_TASK INSTRUCTIONS_. Examine the records below and count how many lines contain the string "MORE". Give only the number.

Annotated photo localization data:

=======

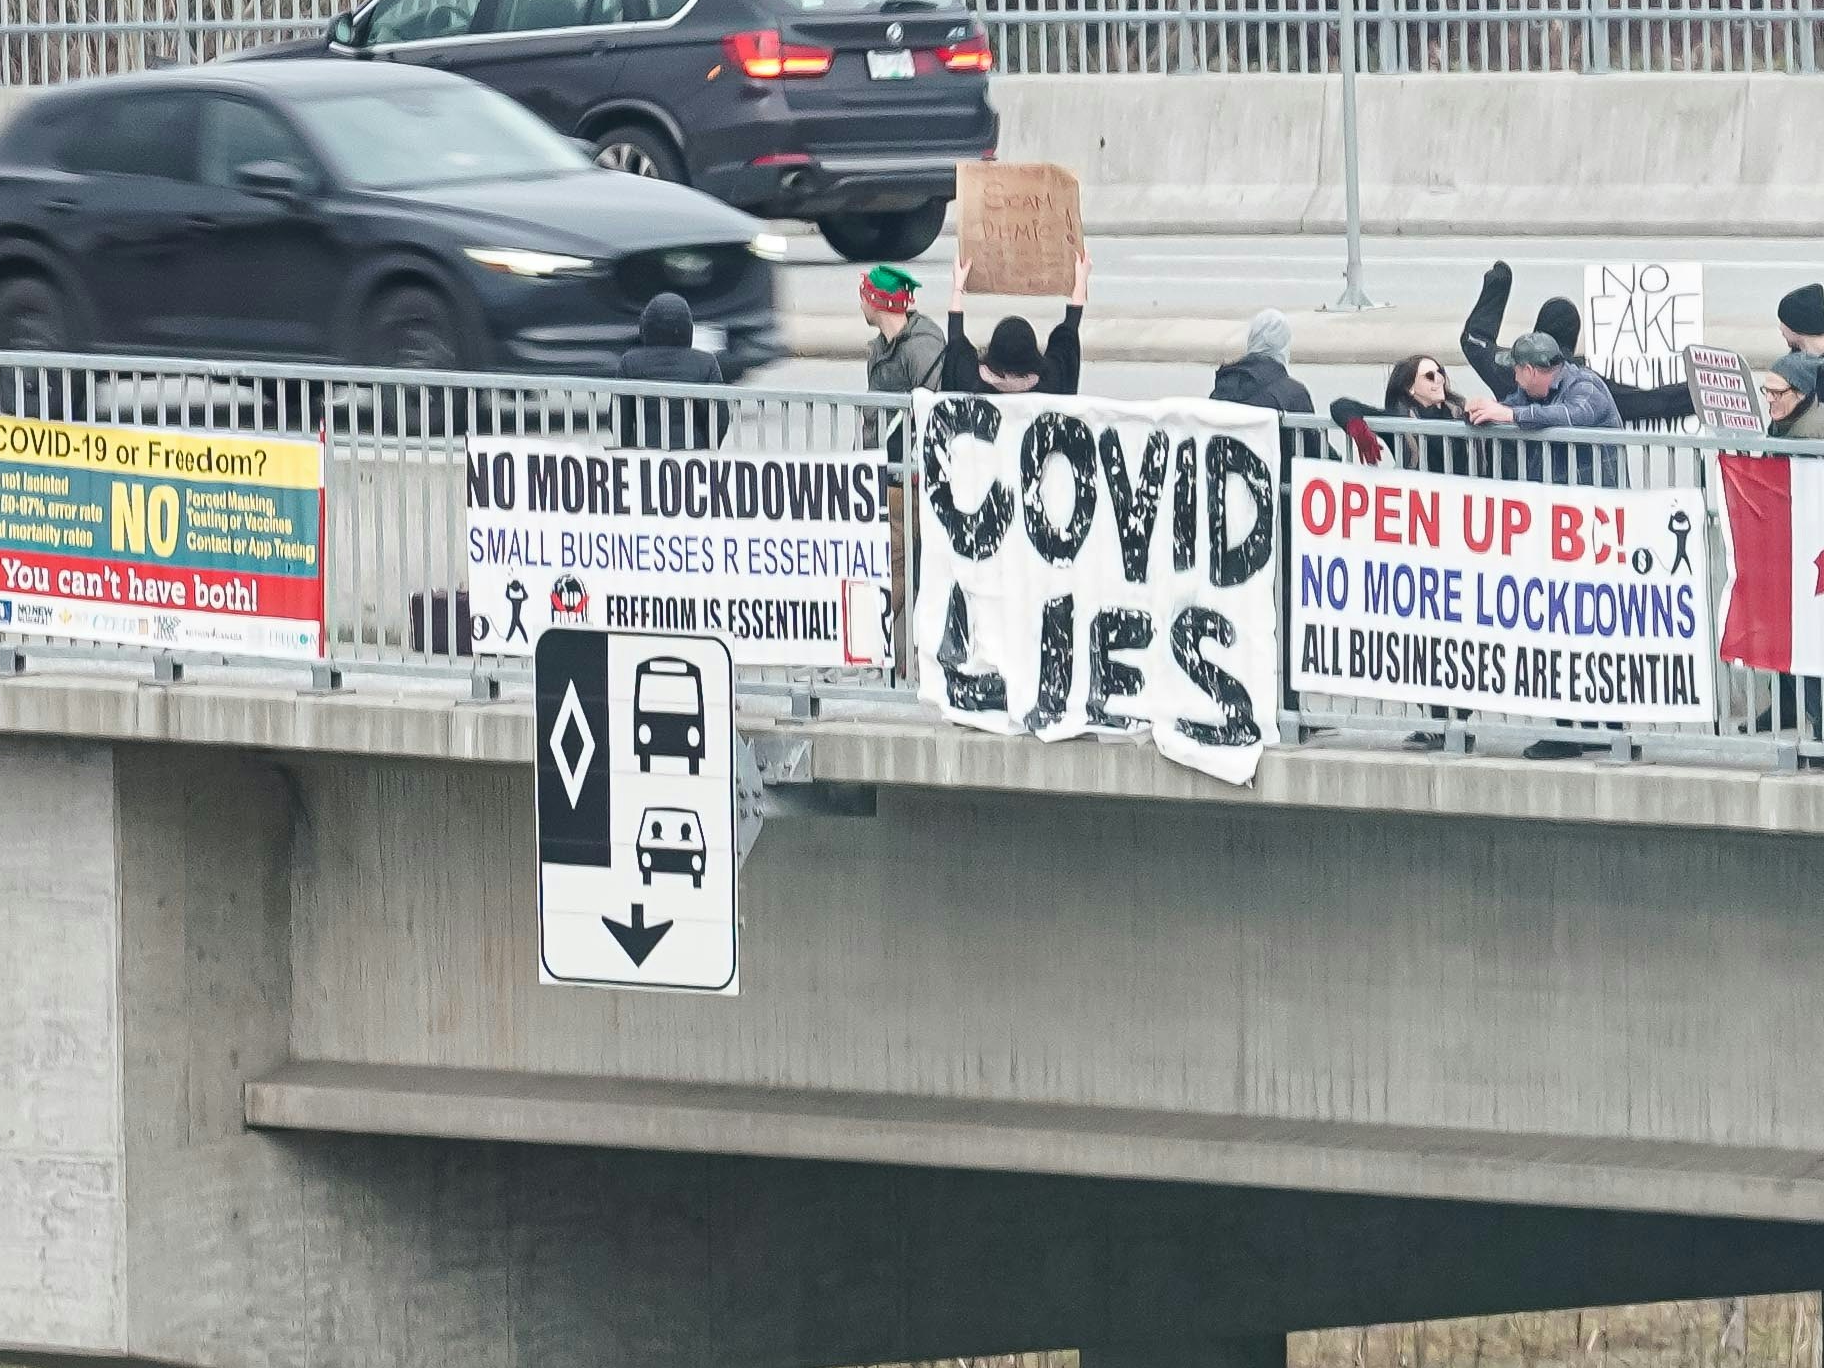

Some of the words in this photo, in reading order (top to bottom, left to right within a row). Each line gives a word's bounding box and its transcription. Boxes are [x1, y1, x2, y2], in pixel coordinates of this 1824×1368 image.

[1602, 263, 1670, 296] NO
[1590, 292, 1700, 356] FAKE
[1698, 370, 1743, 391] HEALTHY
[1703, 392, 1749, 412] CHILDREN
[1, 469, 21, 491] not
[116, 444, 140, 466] or
[148, 440, 268, 477] Freedom?
[185, 487, 227, 509] Forced
[466, 450, 516, 512] NO
[527, 453, 632, 517] MORE
[639, 456, 889, 524] LOCKDOWNS!
[921, 396, 1276, 588] COVID
[8, 521, 61, 548] mortality
[62, 528, 94, 548] rates
[47, 502, 78, 521] error
[79, 502, 104, 524] rate
[110, 480, 180, 558] NO
[186, 506, 229, 533] Testing
[229, 514, 242, 530] or
[243, 513, 293, 535] Vaccines
[1300, 477, 1441, 549] OPEN
[1462, 492, 1533, 557] UP
[1550, 502, 1628, 566] BC!
[185, 530, 232, 556] Contact
[233, 538, 248, 554] or
[248, 536, 273, 561] App
[273, 537, 316, 565] Tracing
[469, 525, 553, 569] SMALL
[560, 531, 715, 575] BUSINESSES
[723, 536, 740, 576] R
[747, 538, 892, 580] ESSENTIAL!
[1, 557, 50, 592] You
[57, 564, 122, 601] can't
[127, 568, 186, 606] have
[193, 573, 258, 613] both!
[1301, 553, 1349, 611] NO
[1363, 559, 1464, 624] MORE
[1476, 571, 1696, 639] LOCKDOWNS
[605, 593, 697, 631] FREEDOM
[702, 596, 723, 631] IS
[726, 598, 839, 644] ESSENTIAL!
[936, 579, 1263, 746] LIES
[1300, 623, 1344, 678] ALL
[1348, 628, 1507, 696] BUSINESSES
[1514, 645, 1562, 701] ARE
[1569, 650, 1702, 707] ESSENTIAL

=======

_EXERCISE RESPONSE_. 2